Like a youthful George Washington chopping down the cherry tree, Benjamin Franklin flying the kite in the lightening storm is an image known to every school child. Unlike the cherry tree myth, Franklin really did fly a kite in a storm on June 10, 1752.
It was the most spectacular of the Philadelphia sage’s experiments with electricity which earned him world wide acclaim as a scientist. The adventure would also have world-wide political implications.
Born in Boston in 1707, Franklin’s amazing career is too rich and varied to recount here. Suffice it to say after Franklin arrived in Philadelphia as a 17 year old run-away apprentice in 1723 he was a printer, writer, author, editor, and publisher; businessman; post master; local official; militia officer; inventor; scientist, philanthropist, founder of the first insurance company, fire brigade, and hospital in the colonies; founder of the University of Pennsylvania and the American Philosophic Society; colonial agent in Britain; delegate to the Continental Congress and member of the committee which drafted the Declaration of Independence; diplomat and Minister to France; President of Pennsylvania, and member of the Constitutional Convention. Whew! And that leaves out a lot.
By 1752 Franklin was semi-retired from his successful printing businesses and focusing his attention on his electrical experiments. Franklin, experimenting with a Lyden Jar, a container for storing an electrical charge, had already proven the existence of positive and negative electrical charges and shown them to both be forms of the same “electrical fluid.” He had also described conservation of a charge. These were critical advances in scientific learning.

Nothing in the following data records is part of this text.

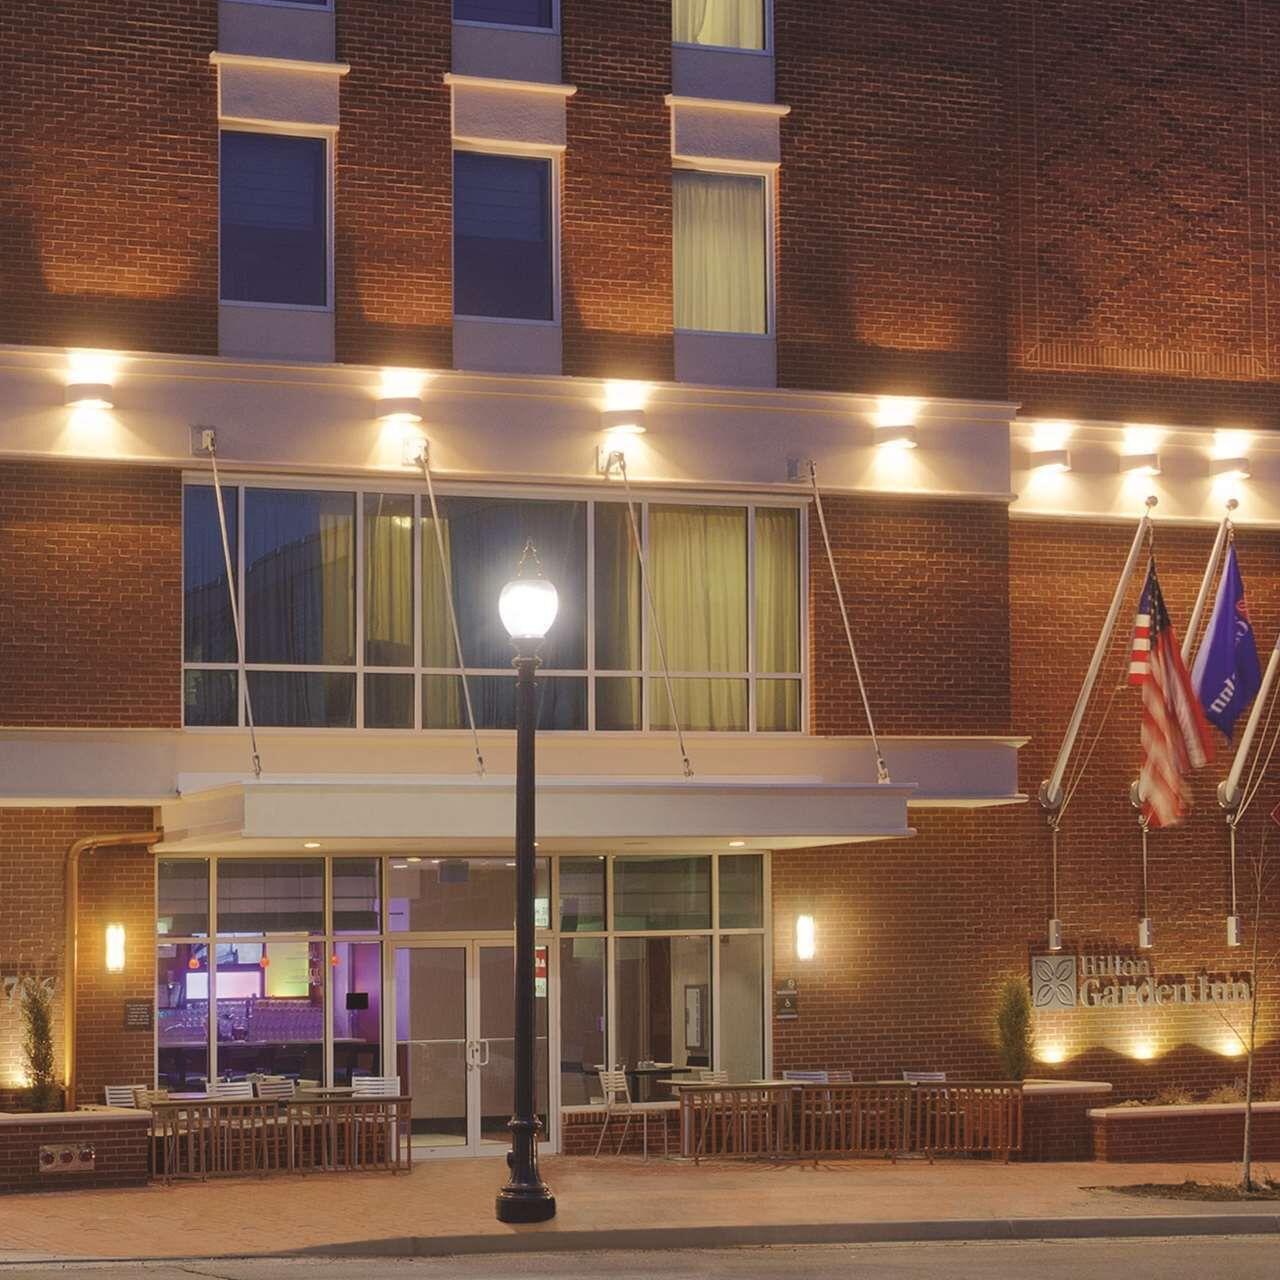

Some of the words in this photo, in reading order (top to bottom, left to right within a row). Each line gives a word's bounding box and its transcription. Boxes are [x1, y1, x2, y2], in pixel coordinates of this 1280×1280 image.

[1080, 954, 1150, 977] Hilton
[1079, 976, 1193, 1008] Garden
[1199, 974, 1253, 1003] Inn
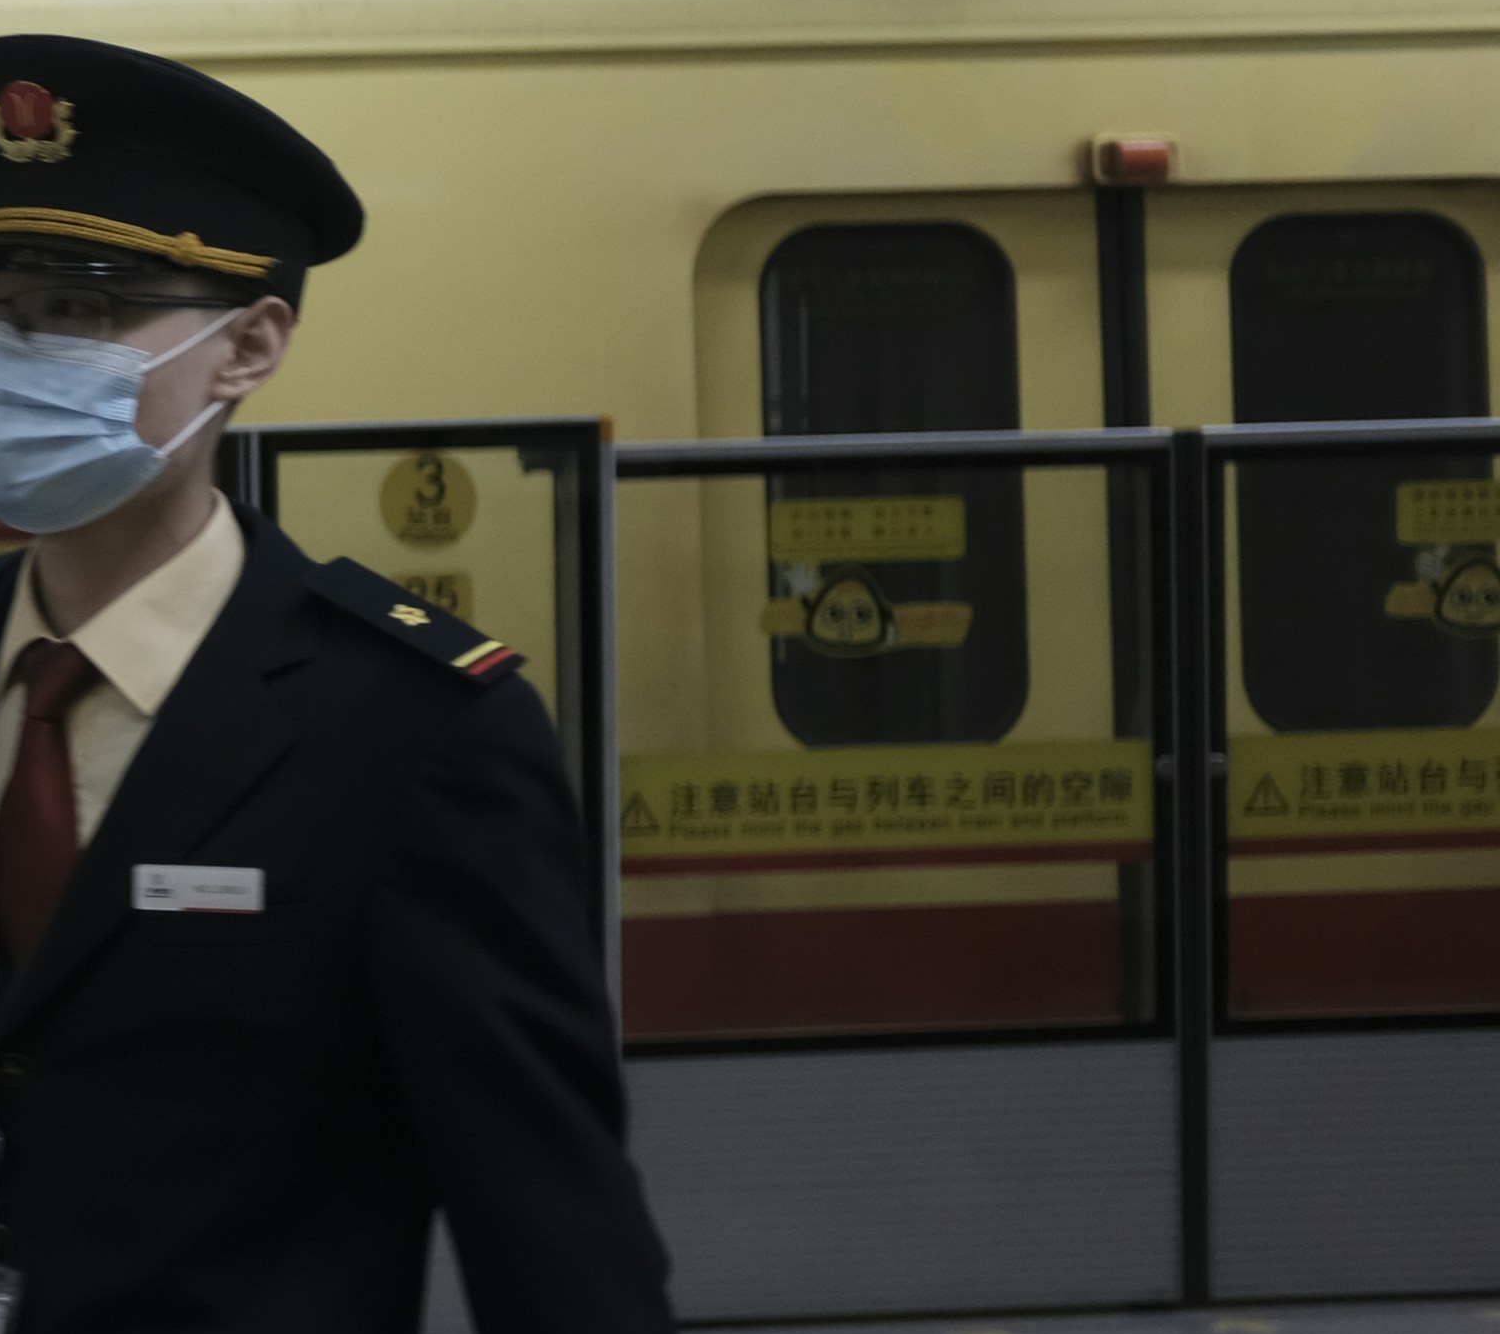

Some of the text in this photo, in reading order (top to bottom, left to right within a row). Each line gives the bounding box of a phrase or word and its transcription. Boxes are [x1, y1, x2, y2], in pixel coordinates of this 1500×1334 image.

[417, 454, 445, 506] 3
[670, 768, 1133, 818] 注意站台与列车之间的空隙
[1299, 756, 1500, 798] 注意站台与

In 1750 he published a paper describing a kite experiment to show conclusively that lighting as a form of electrical discharge. Adapting his experiment to an iron rod instead of a kite Frenchman Thomas-François Dalibard succesfully proved Franklin’s hypothesis in May 1752.
Of course Franklin would have no way of knowing that when he took his son and faithful assistant William out to an open area near the edge of the city that day to finally execute the experiment himself. Under threatening skies he attached his kite to a silk string, tying an iron key at the other end. A thin wire was wound around the key run into a Leyden jar. A silk ribbon was tied to the key for Franklin to hold.

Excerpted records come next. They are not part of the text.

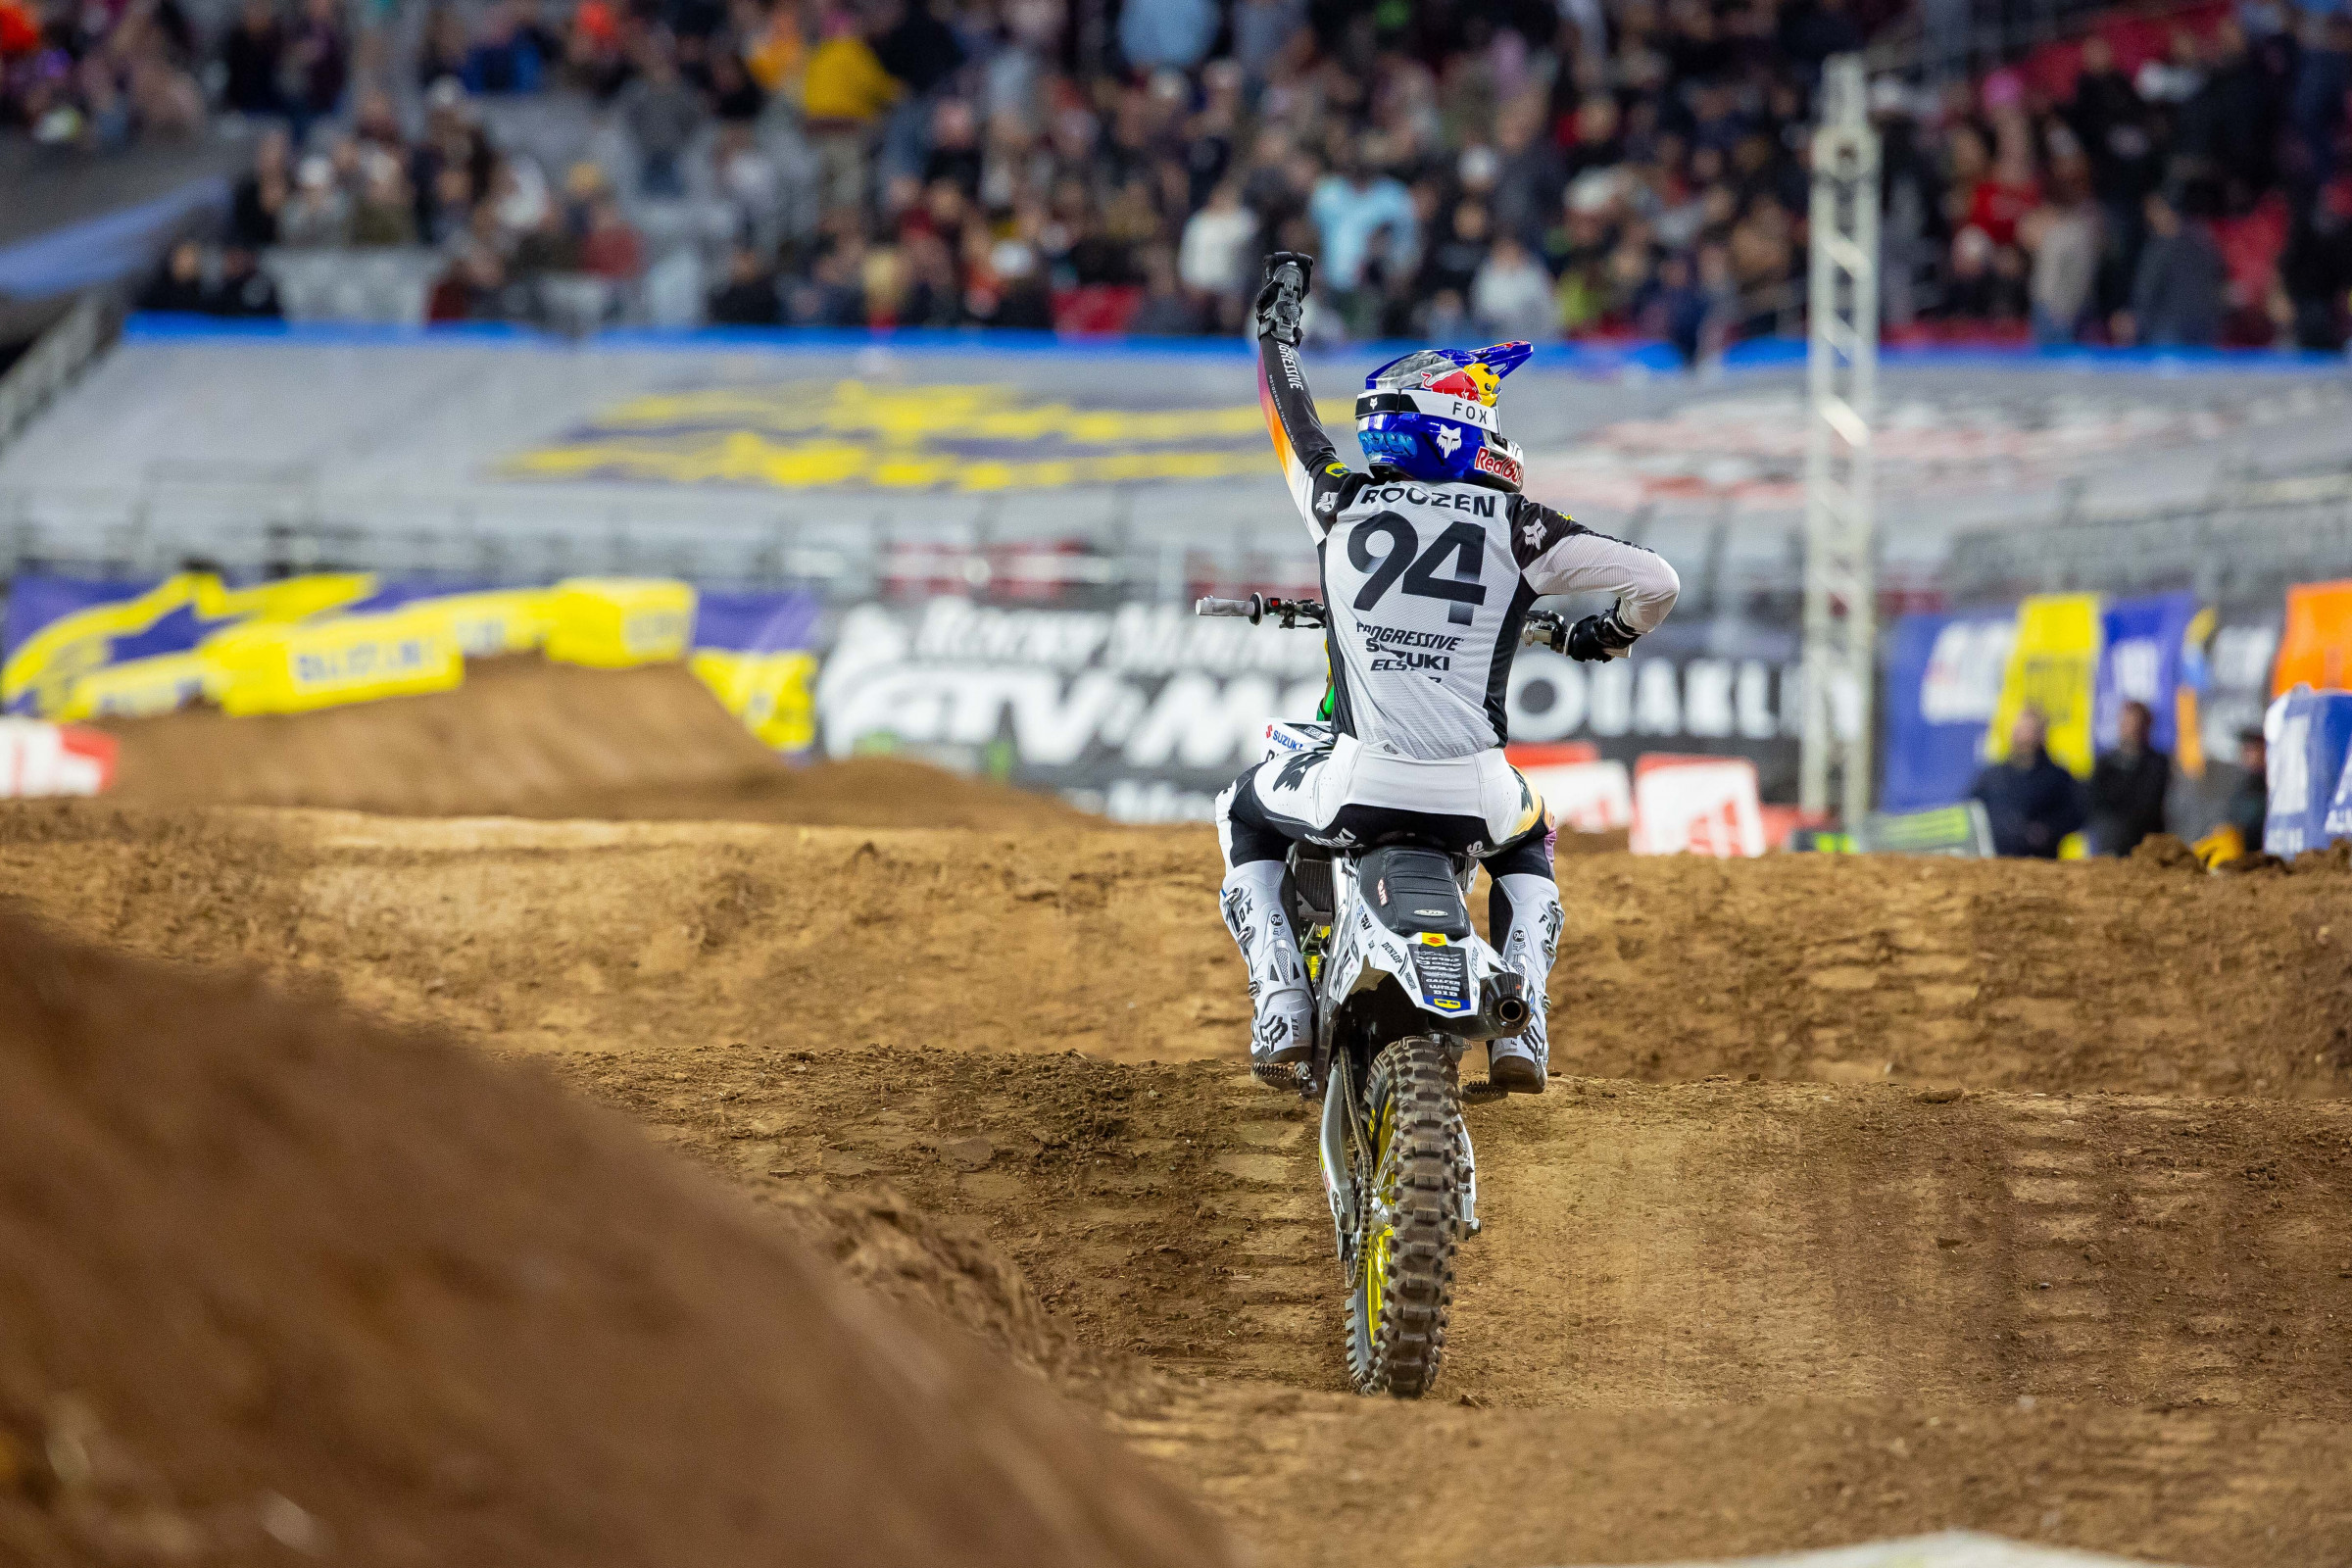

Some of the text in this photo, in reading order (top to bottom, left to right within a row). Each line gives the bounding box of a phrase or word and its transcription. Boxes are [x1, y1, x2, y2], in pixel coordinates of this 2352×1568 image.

[1277, 341, 1304, 391] GRESSIVE
[1452, 401, 1488, 424] FOX
[1360, 487, 1495, 518] ROCZEN
[1348, 510, 1488, 627] 94
[1356, 621, 1461, 651] PROGRESSIVE
[1382, 942, 1403, 964] DUNLOP

He launched the kite as the storm approached and once it was aloft, moved under the cover of a barn so that he would not get wet. As the thunder storm cloud passed over Franklin’s kite, negative charges in the cloud passed onto his kite, down the wet silk string, to the key, and into the jar. Franklin, standing on dry ground inside the barn and holding the dry ribbon was insulated from the negative charges on the key. When he moved his free hand near the iron key, a spark jumped from the key to his exposed knuckle because the negative charges in the key were so strongly attracted to the positive charges in his body.

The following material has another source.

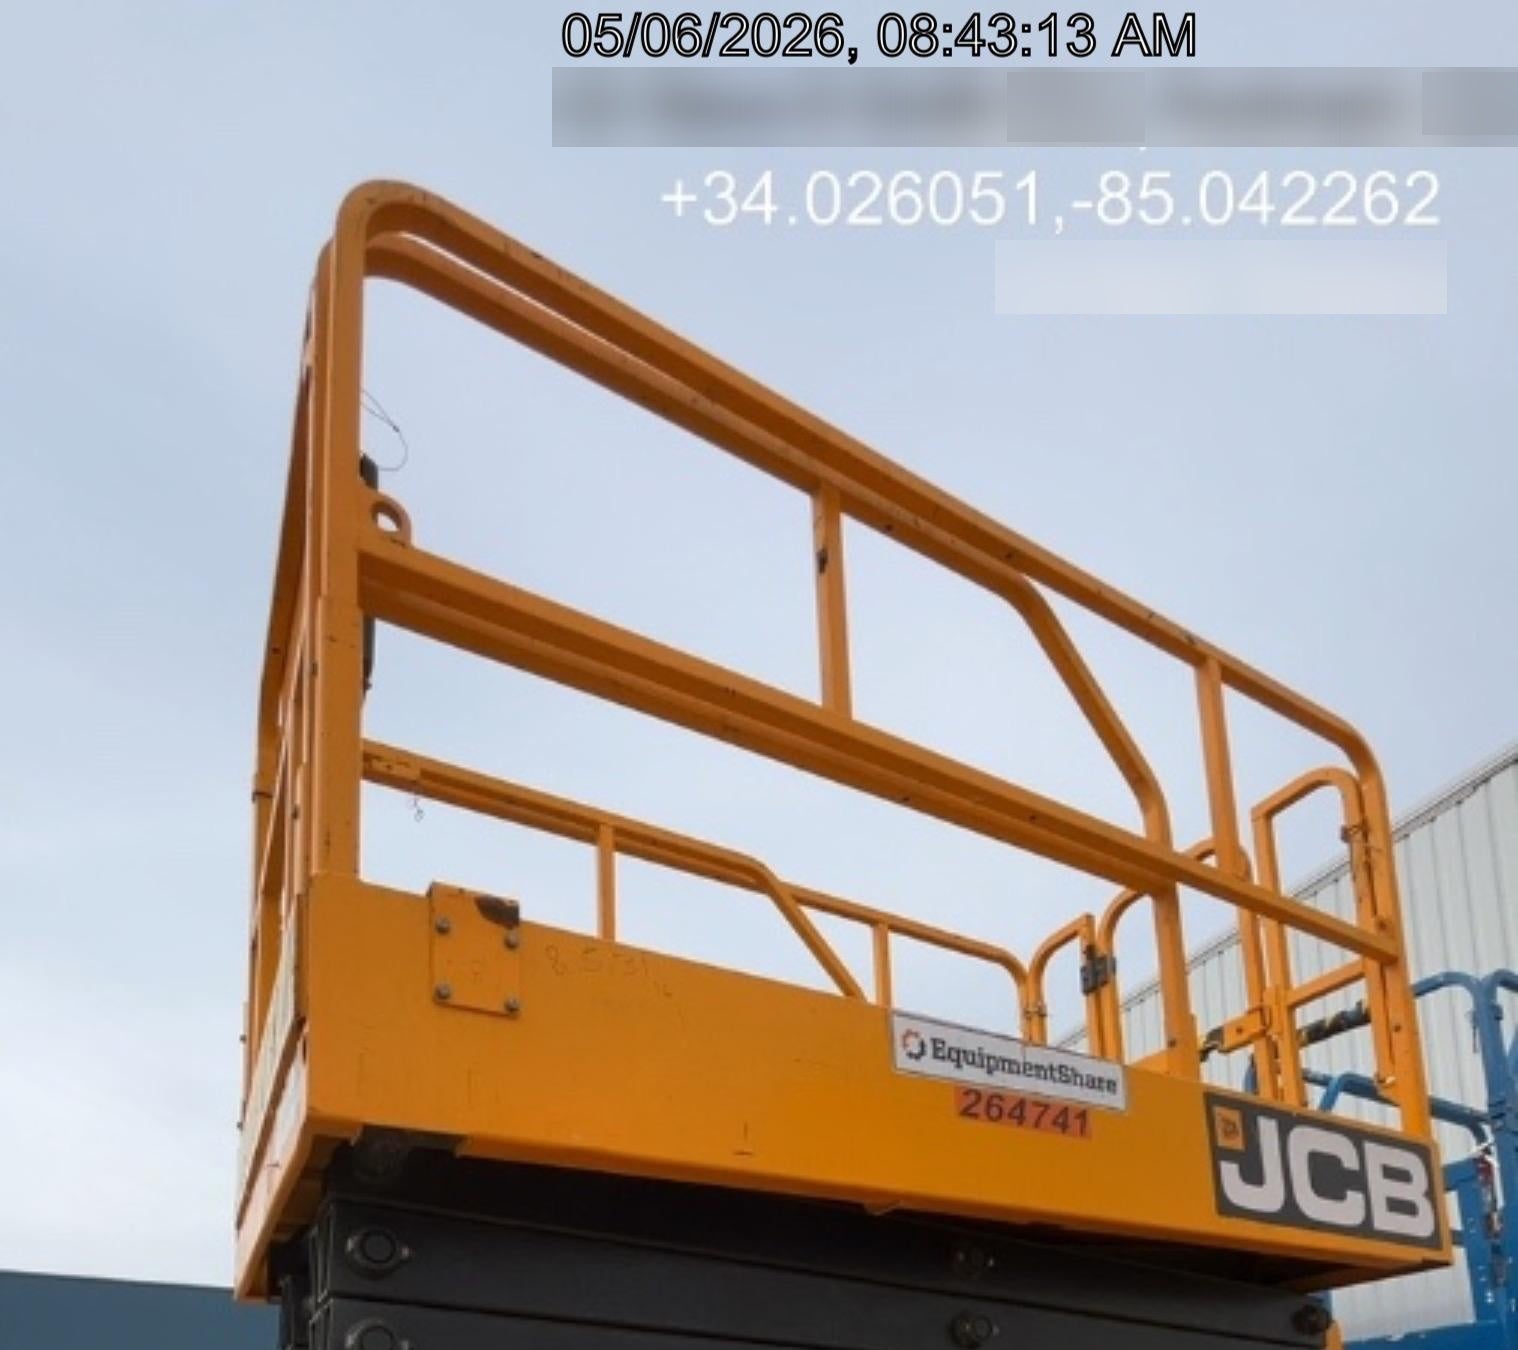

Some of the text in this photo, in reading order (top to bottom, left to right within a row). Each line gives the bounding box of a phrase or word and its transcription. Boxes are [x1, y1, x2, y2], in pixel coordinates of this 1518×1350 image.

[929, 1037, 1118, 1096] EquipmentShare
[958, 1088, 1089, 1138] 264741
[1219, 1115, 1436, 1239] JCB

He had successfully shown that lightning was static electricity. Franklin was lucky to have survived the experiment. Others who tried to duplicate it were electrocuted, including noted Russian scientist Georg Wilhelm Richmann. Franklin would have died too, had lightning actually struck the kite. He was aware of that danger. Which is why he flew his kite early in the storm close to the clouds where it picked up electrical discharges without actually being struck by lightning.
A supremely practical man, he quickly turned his discovery to use with the invention of the lighting rod which protected buildings from deadly lightning strikes which every year were responsible for many fires and deaths.
His findings made him one of the most famous men in the world. The prestigious Royal Society awarded him its Copley Medal in 1753 and elected him a Fellow of the Society, an honor granted to few Colonials, in 1756. Franklin also did pioneering work on the wave theory of light, meteorology, cooling by evaporation, heat conductivity, and oceanography over his long life.
Franklin’s fame as a scientist and as the author of pithy sayings in his famous Poor Richard’s Almanac, opened many important doors for him when he became agent for Pennsylvania and other colonies in London from 1757 to 1775. When he arrived in France as American Minister in 1776, he found himself the object of public adoration and private respect due in no small measure to his enormous scientific reputation. With an in to the great Salons of Paris he carefully exploited his fame and cultivated relationships that would pay off for the struggling new nation first with significant loans, then with official recognition, and finally with French troops on the ground and a fleet off shore that bottled up unfortunate General Cornwallis and the main British Army at Yorktown.
A good case for that can be made that it was all due to that George Washington owed his most famous battle field victory to that dangerous experiment in 1752.